### YOUR ASSIGNMENT
This task calls for every entry below to be repeated exactly, without the pictures.
#####
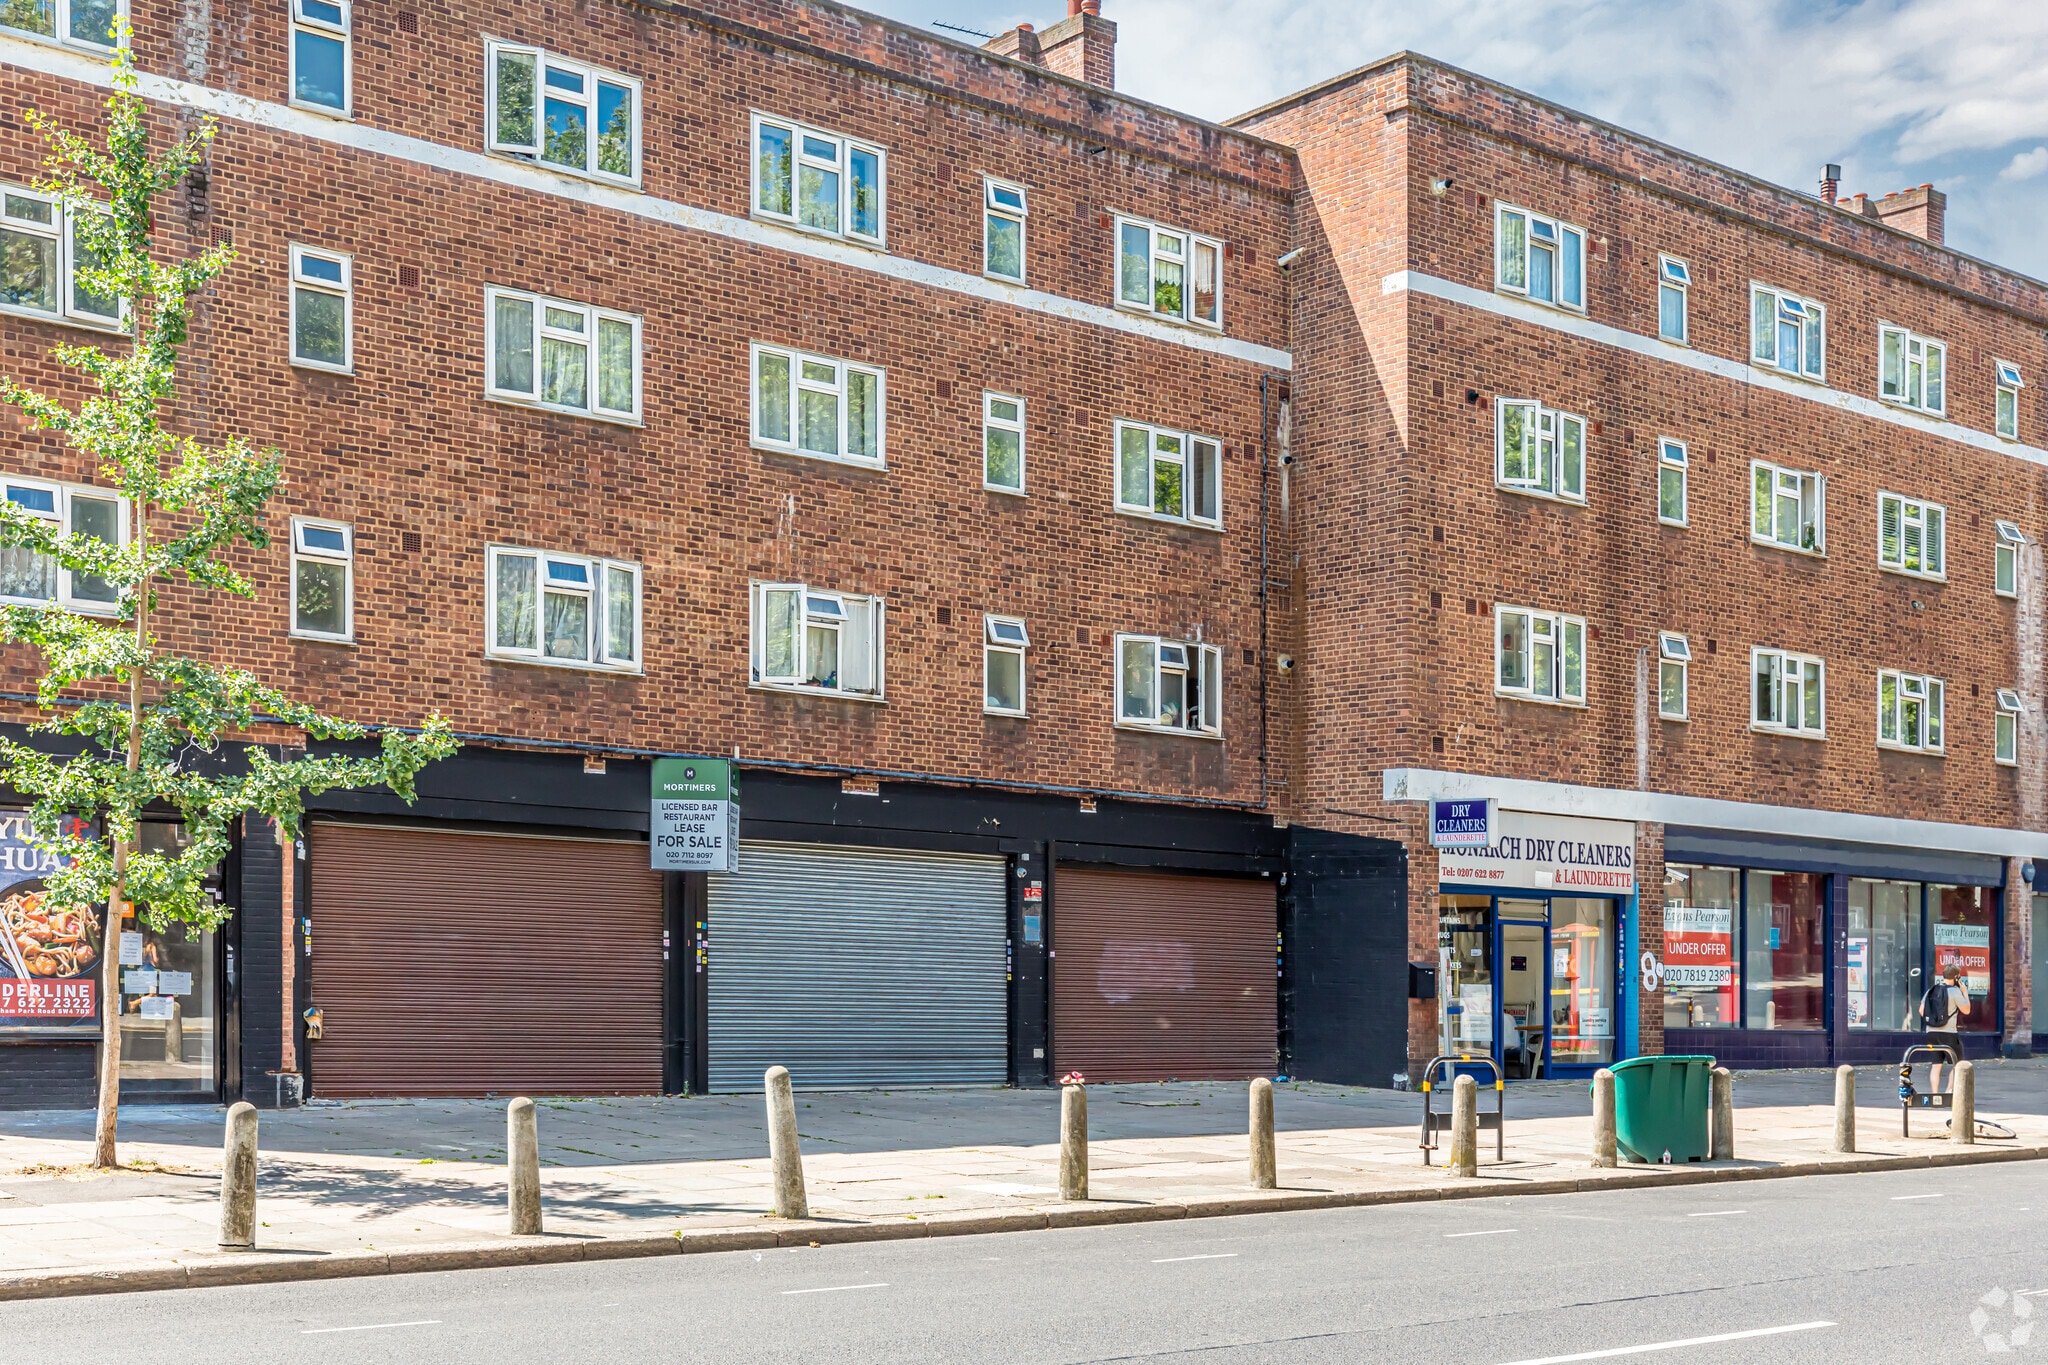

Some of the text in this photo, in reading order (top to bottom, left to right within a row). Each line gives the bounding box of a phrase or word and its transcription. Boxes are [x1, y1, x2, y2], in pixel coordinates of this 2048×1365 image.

[663, 783, 717, 792] MORTIMERS
[661, 803, 700, 811] LICENSED
[1451, 804, 1471, 817] DRY
[663, 813, 716, 821] RESTAURANT
[674, 824, 705, 833] LEASE
[1437, 818, 1486, 832] CLEANERS
[657, 835, 722, 848] FOR SALE
[1442, 833, 1486, 842] LAUNDERETTE
[0, 847, 63, 872] HUA
[1525, 838, 1555, 862] DRY
[1558, 841, 1632, 868] CLEANERS
[1441, 867, 1504, 880] Tel: 0207 622 8877
[1555, 869, 1632, 888] & LAUNDERETTE
[1694, 909, 1730, 923] Pearson
[1935, 924, 1989, 939] Evans Pearson
[1668, 942, 1727, 955] UNDER OFFER
[1939, 954, 1986, 967] UNDER OFFER
[1664, 968, 1730, 982] 020 7819 2380
[2, 983, 90, 998] DERLINE
[2, 997, 91, 1009] 7 622 2322
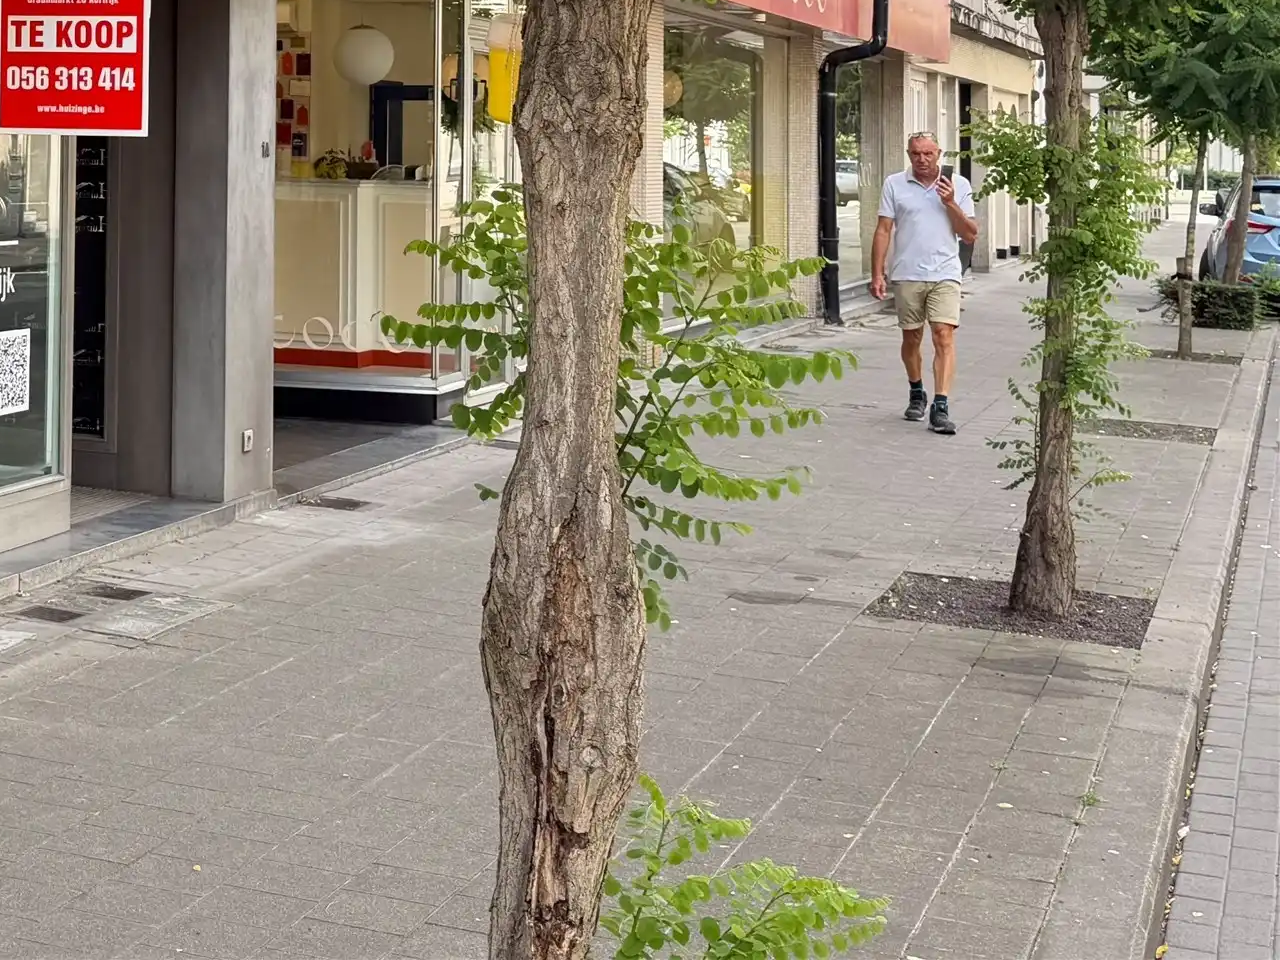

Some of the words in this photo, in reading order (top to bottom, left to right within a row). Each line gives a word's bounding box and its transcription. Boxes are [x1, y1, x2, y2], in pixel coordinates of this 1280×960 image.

[10, 20, 45, 48] TE
[55, 20, 134, 49] KOOP
[6, 65, 50, 90] 056
[54, 66, 94, 91] 313
[97, 66, 136, 92] 414
[37, 103, 105, 115] www.huizinge.be
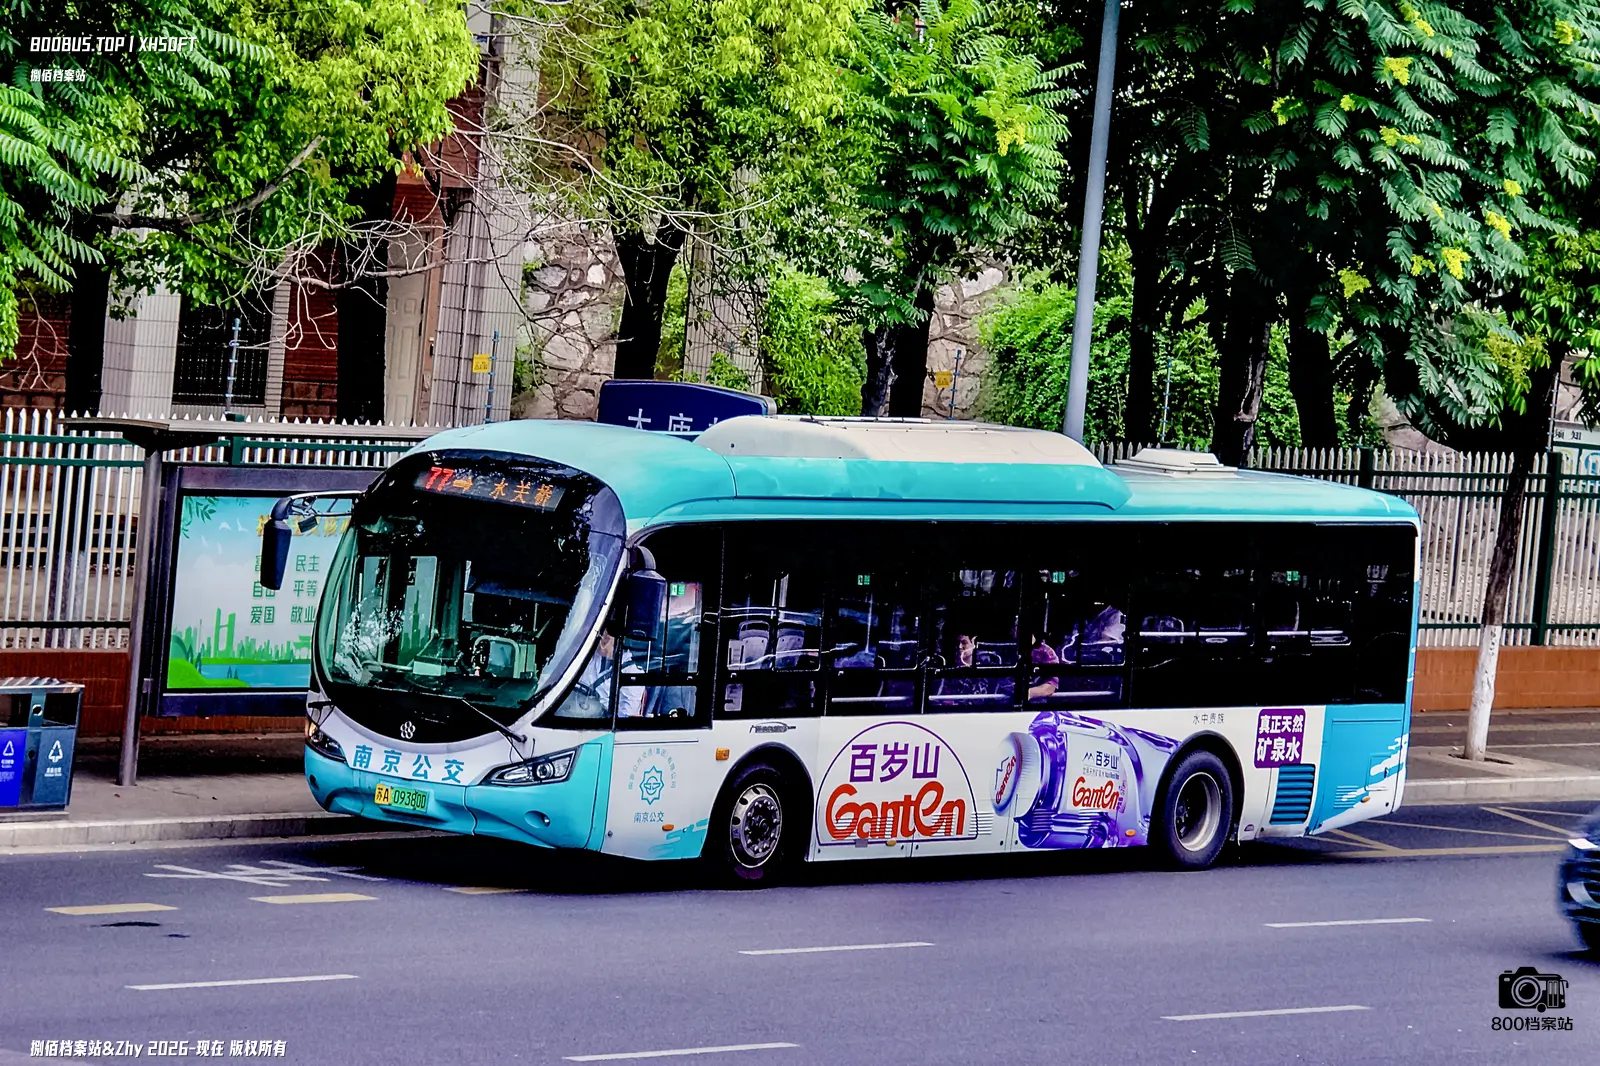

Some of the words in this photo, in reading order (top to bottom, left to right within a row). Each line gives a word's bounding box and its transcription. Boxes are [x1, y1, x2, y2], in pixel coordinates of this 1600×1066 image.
#####
### TASK SOLUTION
Some of the text in this photo, in reading order (top to bottom, left to right within a row). Each line gives the bounding box of a phrase or word and its transcription. Boxes are [x1, y1, x2, y2], in pixel coordinates of this 2048×1365 image.

[663, 783, 717, 792] MORTIMERS
[661, 803, 700, 811] LICENSED
[1451, 804, 1471, 817] DRY
[663, 813, 716, 821] RESTAURANT
[674, 824, 705, 833] LEASE
[1437, 818, 1486, 832] CLEANERS
[657, 835, 722, 848] FOR SALE
[1442, 833, 1486, 842] LAUNDERETTE
[0, 847, 63, 872] HUA
[1525, 838, 1555, 862] DRY
[1558, 841, 1632, 868] CLEANERS
[1441, 867, 1504, 880] Tel: 0207 622 8877
[1555, 869, 1632, 888] & LAUNDERETTE
[1694, 909, 1730, 923] Pearson
[1935, 924, 1989, 939] Evans Pearson
[1668, 942, 1727, 955] UNDER OFFER
[1939, 954, 1986, 967] UNDER OFFER
[1664, 968, 1730, 982] 020 7819 2380
[2, 983, 90, 998] DERLINE
[2, 997, 91, 1009] 7 622 2322

Some of the words in this photo, in reading order (top to bottom, left to right within a row). Each line gives a word's bounding box and its transcription. Boxes are [x1, y1, x2, y2], in pixel coordinates of this 1280×960 image.

[10, 20, 45, 48] TE
[55, 20, 134, 49] KOOP
[6, 65, 50, 90] 056
[54, 66, 94, 91] 313
[97, 66, 136, 92] 414
[37, 103, 105, 115] www.huizinge.be

Some of the words in this photo, in reading order (top to bottom, left to right within a row). Each line gives a word's bounding box and its transcription. Boxes are [x1, y1, x2, y2], in pixel coordinates of this 1600×1066 image.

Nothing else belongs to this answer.